Here, we discuss the results of the comparison of \(AS_{p_{\cap}}\) with the \(AS_{kl}\) methods. For this comparison, we excluded the results of the RJ model in Figure 1.2 because, as mentioned in the previous section comparing ranger and randomForest, the RJ model did not outperform the other two models in subportfolio selection, while RI and RFJ were competitive in portfolio selection. This is also evident in Tables 1.2, 1.3, and 1.4 that the RJ model did not surpass the other two when using \(AS_{p_{\cap}}\) and \(AS_{kl}\). Therefore, we discuss the results for the RI and RFJ models when selecting subportfolios using Equation [eq:7], denoted as \(AS_{p_{\cap}}\), and Equation [eq:5.7], denoted as \(AS_{kl}\).
When comparing \(AS_{p_{\cap}}\) and \(AS_{kl}\) with optimal threshold values, based on Tables 1.2, 1.3, and 1.4, \(AS_{kl}\) outperforms \(AS_{p_{\cap}}\) in three of four performance metrics for IPC2018 and the RFJ model.
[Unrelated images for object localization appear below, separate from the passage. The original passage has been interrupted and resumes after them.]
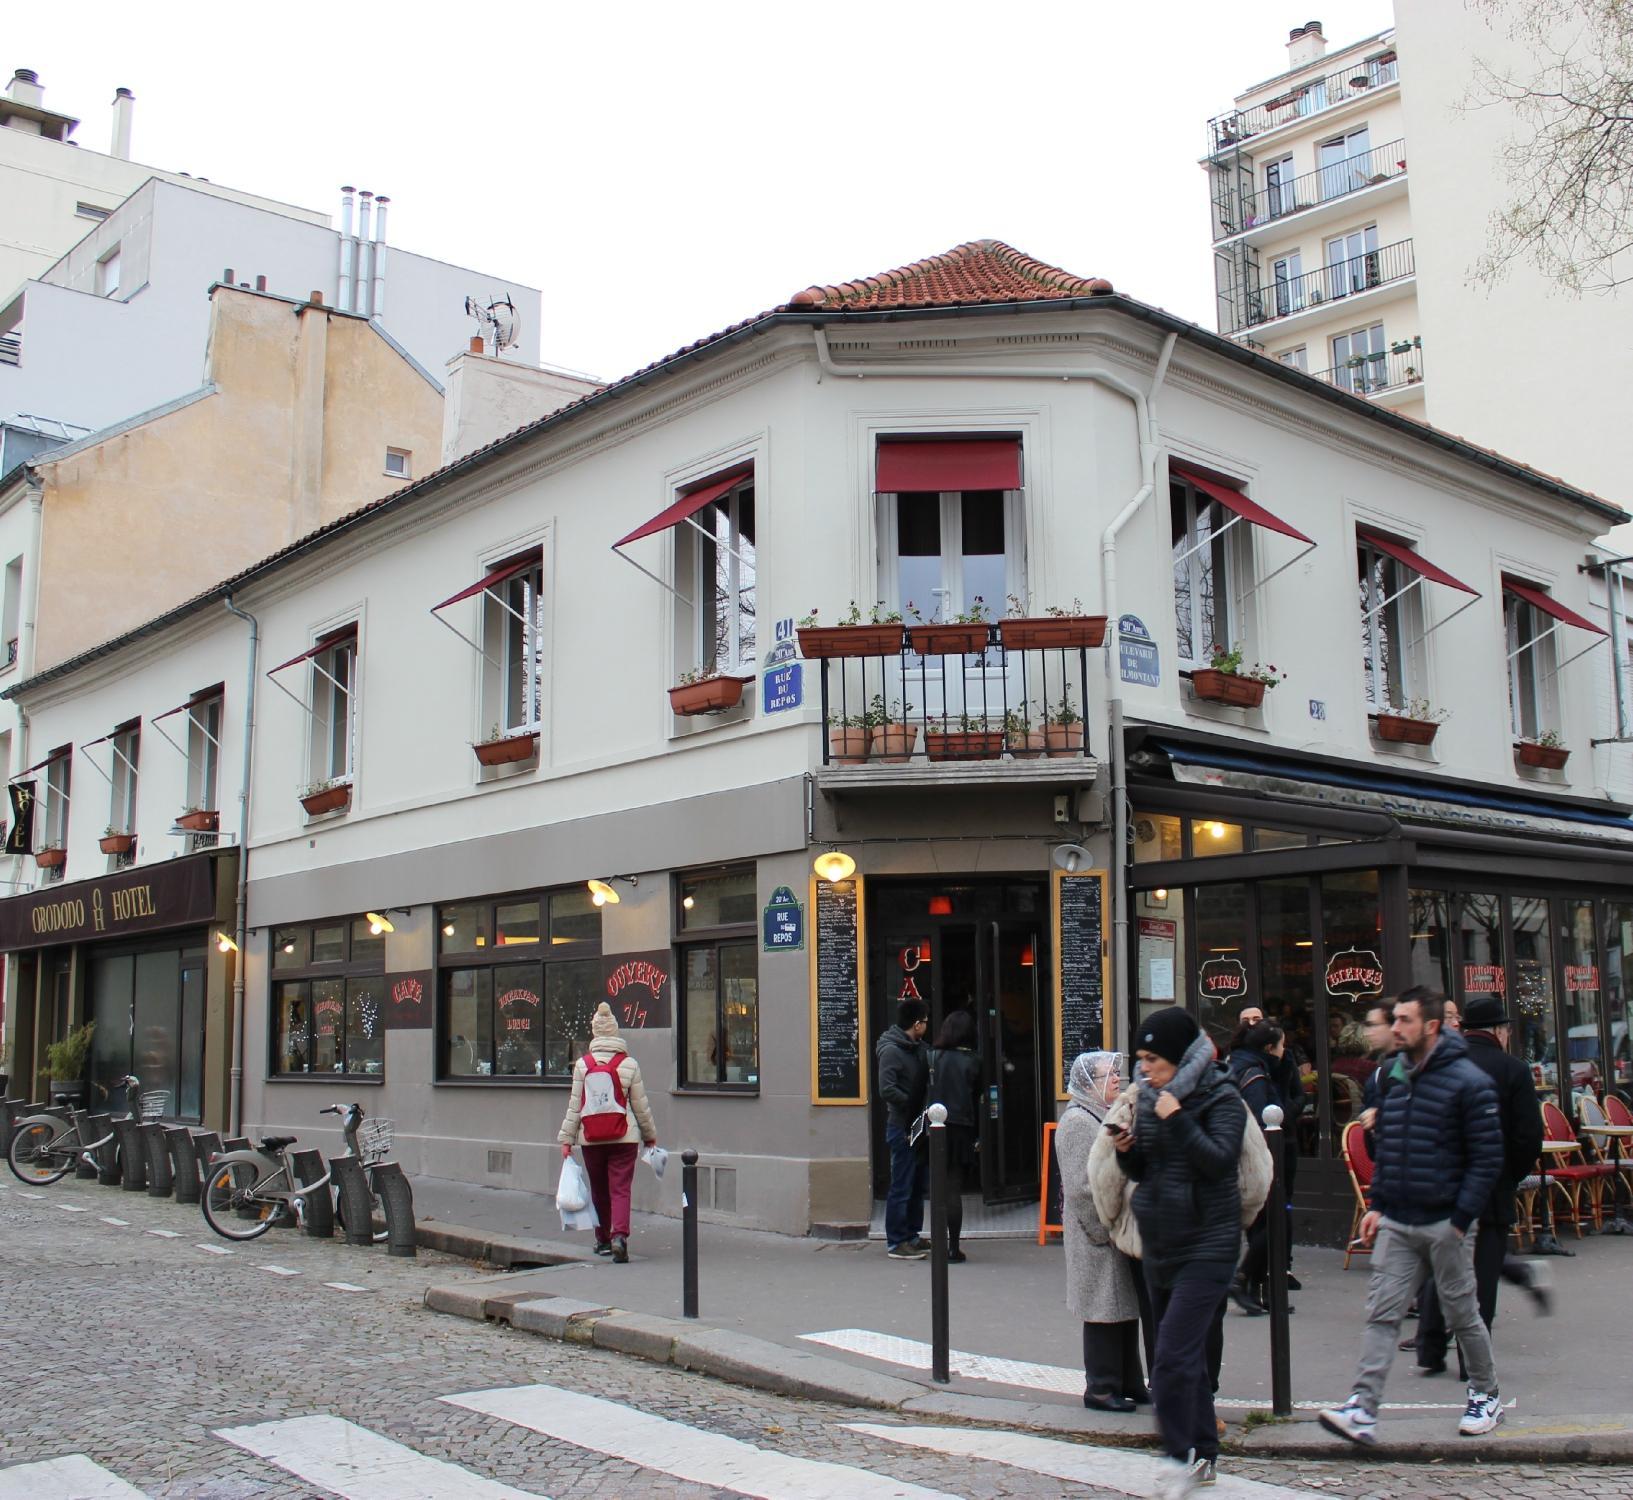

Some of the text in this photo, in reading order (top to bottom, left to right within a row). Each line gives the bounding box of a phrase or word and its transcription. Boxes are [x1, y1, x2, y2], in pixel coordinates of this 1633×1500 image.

[1120, 644, 1153, 660] ULEVARD
[1127, 658, 1138, 669] DE
[775, 671, 792, 685] RUE
[1120, 669, 1159, 686] ILMONTANT
[778, 684, 789, 695] DU
[770, 694, 796, 709] REPOS
[32, 899, 85, 933] OBODODO
[112, 885, 156, 921] HOTEL
[776, 912, 789, 921] RUE
[773, 933, 793, 943] REPOS
[608, 960, 668, 1000] OUVERT
[1207, 974, 1240, 990] VINS
[624, 1001, 647, 1029] 7/7
[506, 1018, 530, 1030] LUNCH
For the RI model, \(AS_{p_{\cap}}\) is superior in three of the four metrics, while for the RJ model, \(AS_{kl}\) performs worse in all performance metrics. Figure 1.2 further illustrates that \(AS_{p_{\cap}}\) consistently outperforms \(AS_{kl}\) for both the RFJ and RI models when the cores are limited to different values. For the MAXSAT19-UCMS and SAT11-INDU scenarios, \(AS_{p_{\cap}}\) performs better than \(AS_{kl}\) in all performance metrics for the RJ, RFJ, and RI models, which is also reflected in the closed mean normalized gap in Figure 1.2. In the SAT16-MAIN scenario, \(AS_{p_{\cap}}\) is overall superior, except for the RFJ model, where both methods perform equally, and the RJ model where the normalized gap closed for folds is slightly worse for \(AS_{p_{\cap}}\). In the SAT18-EXP scenario, \(AS_{p_{\cap}}\) generally outperforms \(AS_{kl}\), except for the RFJ model where the two are highly competitive. In three of four performance metrics, \(AS_{kl}\) is better, while \(AS_{p_{\cap}}\) excels in the remaining metric.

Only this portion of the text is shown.